Given a single file exposure.hdf5 containing the global exposure, global vulnerability functions, global taxonomy mappings and global site model, and a rupture file or ShakeMap event id, an Aristotle calculation is able to compute the seismic risk in any place in the world, apart from the oceans.

In this release, the procedure to generate the exposure.hdf5 file from the global risk mosaic has been improved and the taxonomy mappings for Canada and USA, which were missing, have been added.

Moreover the Aristotle web interface has been much improved. It is possible for the user to download from the USGS site not only rupture files but also station files, thus taking advantage of the Conditioned GMFs calculator. Custom rupture files or station files can also be uploaded if the user has them locally. Errors in the station files are properly notified, just as errors in the rupture geometries (not all USGS ruptures can be converted to OpenQuake ruptures yet).

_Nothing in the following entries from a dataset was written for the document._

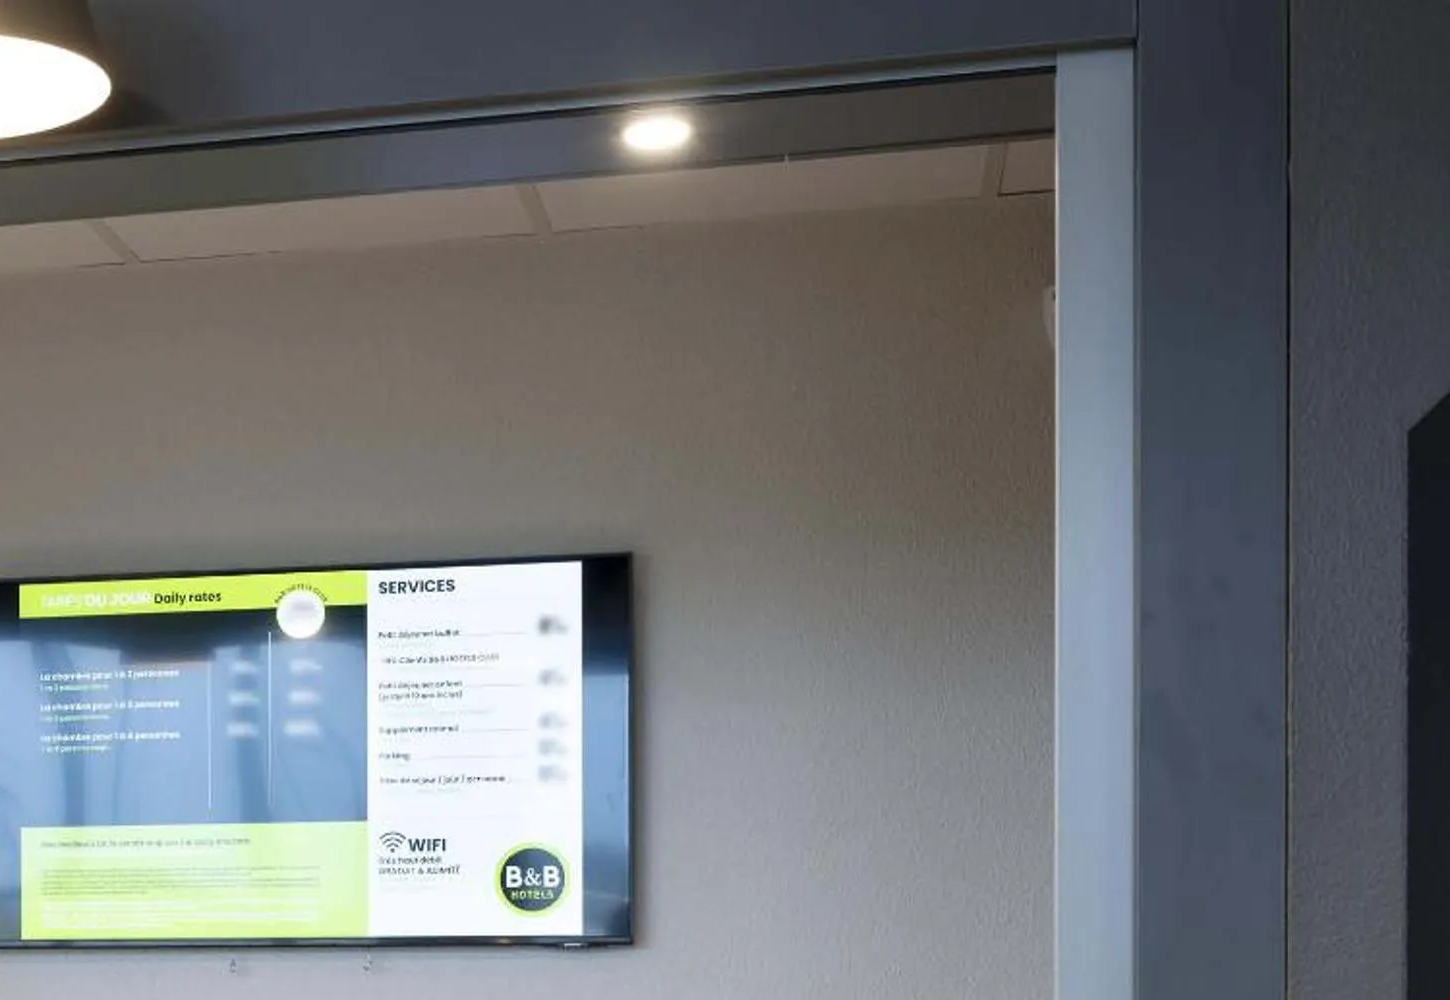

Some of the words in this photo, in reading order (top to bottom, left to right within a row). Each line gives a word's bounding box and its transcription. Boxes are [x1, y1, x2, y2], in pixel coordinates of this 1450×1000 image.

[378, 579, 455, 594] SERVICES
[154, 592, 186, 605] Daily
[189, 591, 221, 603] rates
[408, 838, 446, 851] WIFI
[506, 865, 560, 888] B&B
[511, 890, 554, 901] HOTELS

When the rupture.json file is not available on the USGS page for an event, the software checks if the finite-fault rupture is available and it loads the relevant information from it instead. Note that this fallback approach may also fail, especially in the early stage right after an event, when not enough information has been uploaded to the USGS website yet. In this case, in order to proceed, the user needs to upload the rupture data via the corresponding web form.

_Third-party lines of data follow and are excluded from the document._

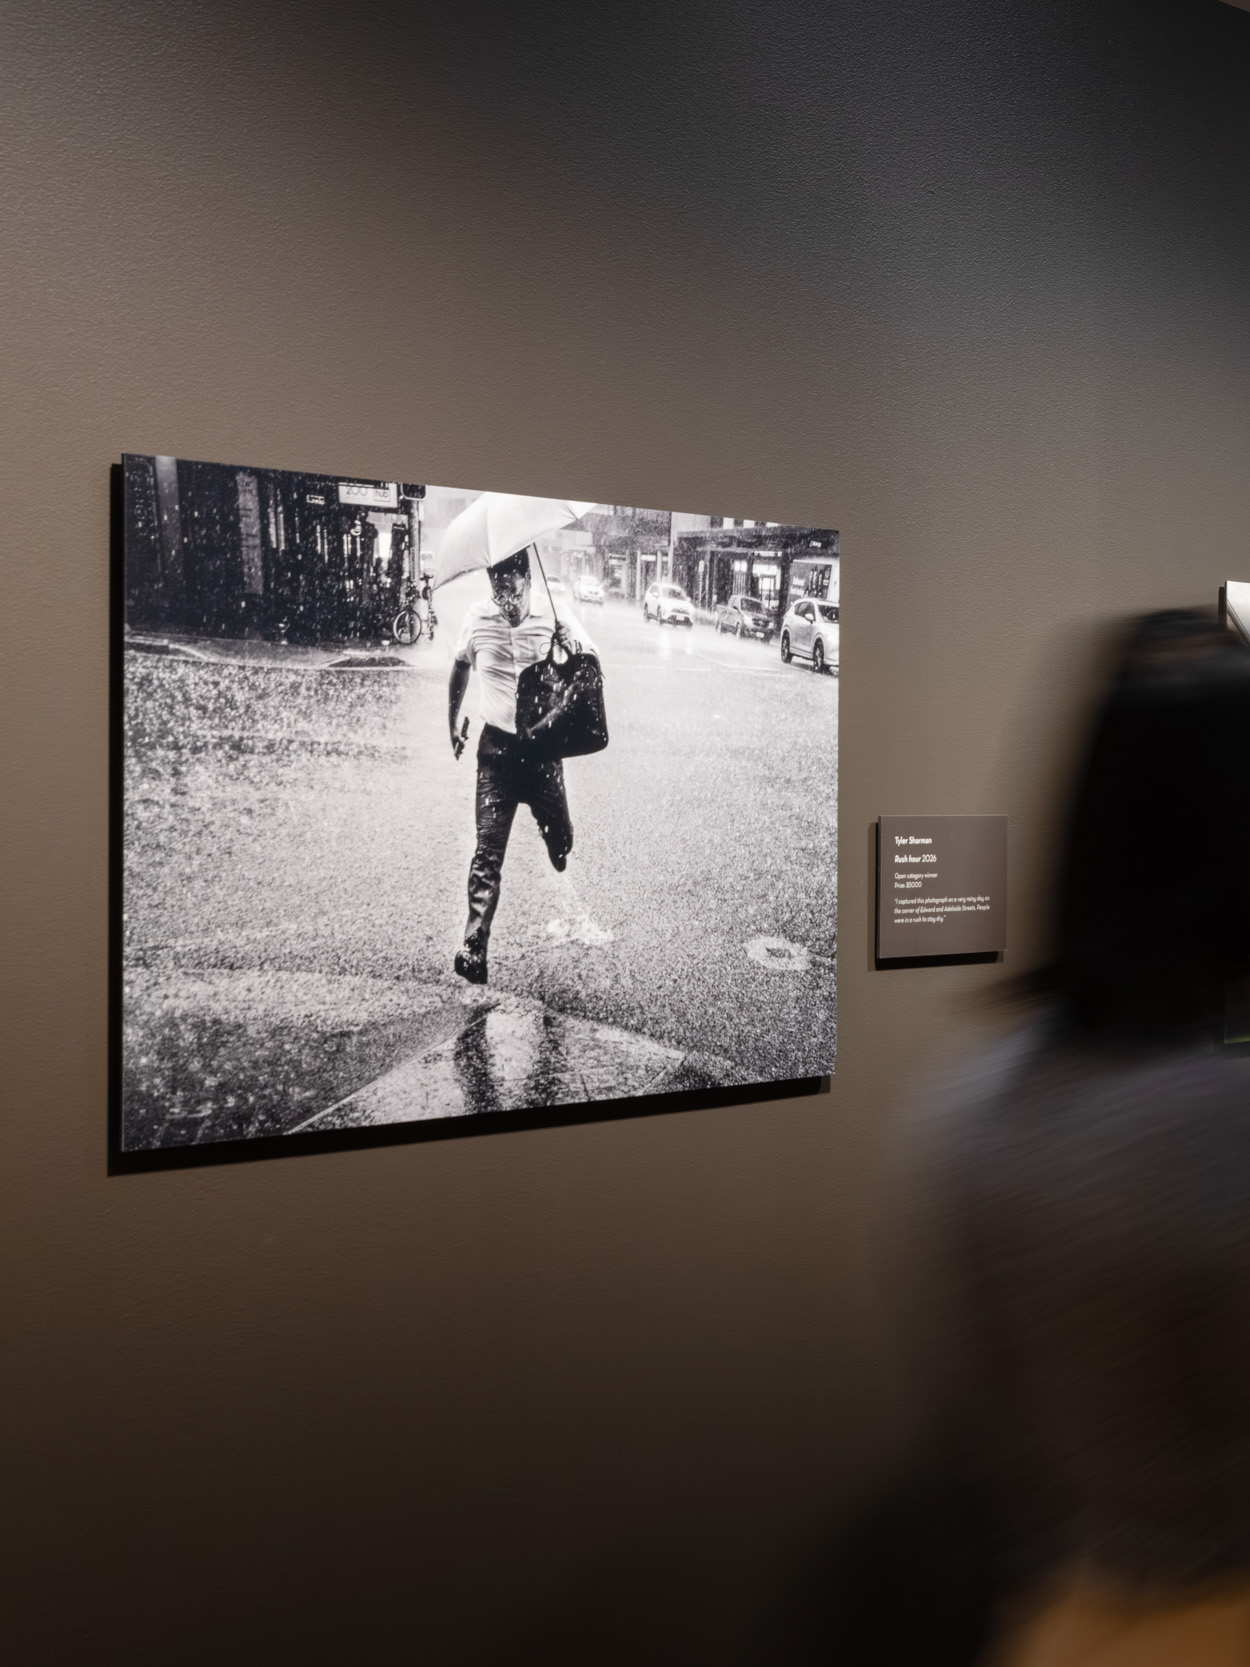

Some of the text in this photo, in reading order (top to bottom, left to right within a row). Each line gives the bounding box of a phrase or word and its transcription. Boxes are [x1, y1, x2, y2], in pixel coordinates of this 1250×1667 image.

[894, 836, 932, 846] Tyler Sharman
[895, 854, 937, 863] Rush hour 2026
[899, 897, 916, 905] captured
[925, 896, 947, 905] photograph
[915, 906, 920, 914] of

We improved the procedure for generating hazardlib ruptures, automatically setting the dip and strike parameters when possible. In case of errors in the geometry a planar rupture with the given magnitude, hypocenter dip and strike is automatically generated.

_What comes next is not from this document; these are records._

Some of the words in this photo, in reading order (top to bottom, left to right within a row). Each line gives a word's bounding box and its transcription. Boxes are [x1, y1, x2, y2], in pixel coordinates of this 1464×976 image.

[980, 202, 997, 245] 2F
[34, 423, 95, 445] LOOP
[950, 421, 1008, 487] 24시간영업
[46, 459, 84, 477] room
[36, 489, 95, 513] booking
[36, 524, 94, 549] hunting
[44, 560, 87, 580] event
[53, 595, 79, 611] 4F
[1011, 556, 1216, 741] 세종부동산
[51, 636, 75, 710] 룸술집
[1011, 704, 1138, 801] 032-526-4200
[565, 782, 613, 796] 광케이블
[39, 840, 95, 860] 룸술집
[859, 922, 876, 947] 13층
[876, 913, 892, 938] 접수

The visualization of the input form and the output tables has improved.

It is now possible to specify the parameter maximum_distance_stations, either from command line or from the WebUi. The maximum_distance was already there, but now has a default of 100 km to ensure faster calculations.

We added a dropdown menu so that the user can override the time_event parameter, which by default is automatically set depending on the local time of occurrence of the earthquake.

The page displaying the outputs of a calculation now includes some additional information. On top of the page, the local time of the event is displayed, together with the indication of how much time passed between the event itself and the moment the calculation was started. This is useful for instance to compare results obtained before and after rupture or station data become available in the USGS site.

The plots showing the average ground motion fields and the assets have been improved. In particular, the latter now also display the boundaries of the rupture.

We added a method GsimLogicTree.to_node, useful to produce an XML representation of the gsim logic tree used by an Aristotle calculation.

Secondary perils#

Lana Torodović implemented the Nowicki Jessee et al. (2018) landslide model, which is part of the USGS Ground Failure Product. It is documented here: https://docs.openquake.org/oq-engine/3.21/manual/underlying-science/secondary-perils.html#nowicki-jessee-et-al-2018

When exporting the gmf_data table, we decided to include the secondary peril values, if present. Technically they are not GMFs, just fields induced by the GMFs, but it is convenient to keep them in the gmf_data table, also for visualization purposes via the QGIS plugin.

Bug fixes#

There were various fixes to the conditioned GMFs calculator:

  • we changed the Cholesky decomposition algorithm to reduce the issue of small negative eigenvalues

  • we fixed an error when using a region_grid_spacing by extending the site collection to include the stations

  • we fixed a couple of bugs in the association of the site parameters to the sites

  • we added an uniqueness check for the station coordinates

We fixed a bug with the conditional spectrum calculator in the case of calculations with non-contributing tectonic region types, i.e. when all the sources of a given tectonic region type are outside the integration distance.

Running a scenario or event based calculation starting from a CSV file of ruptures raised a KeyError: “No ‘source_mags/*’ found in ” when exporting the ruptures. It has been fixed now.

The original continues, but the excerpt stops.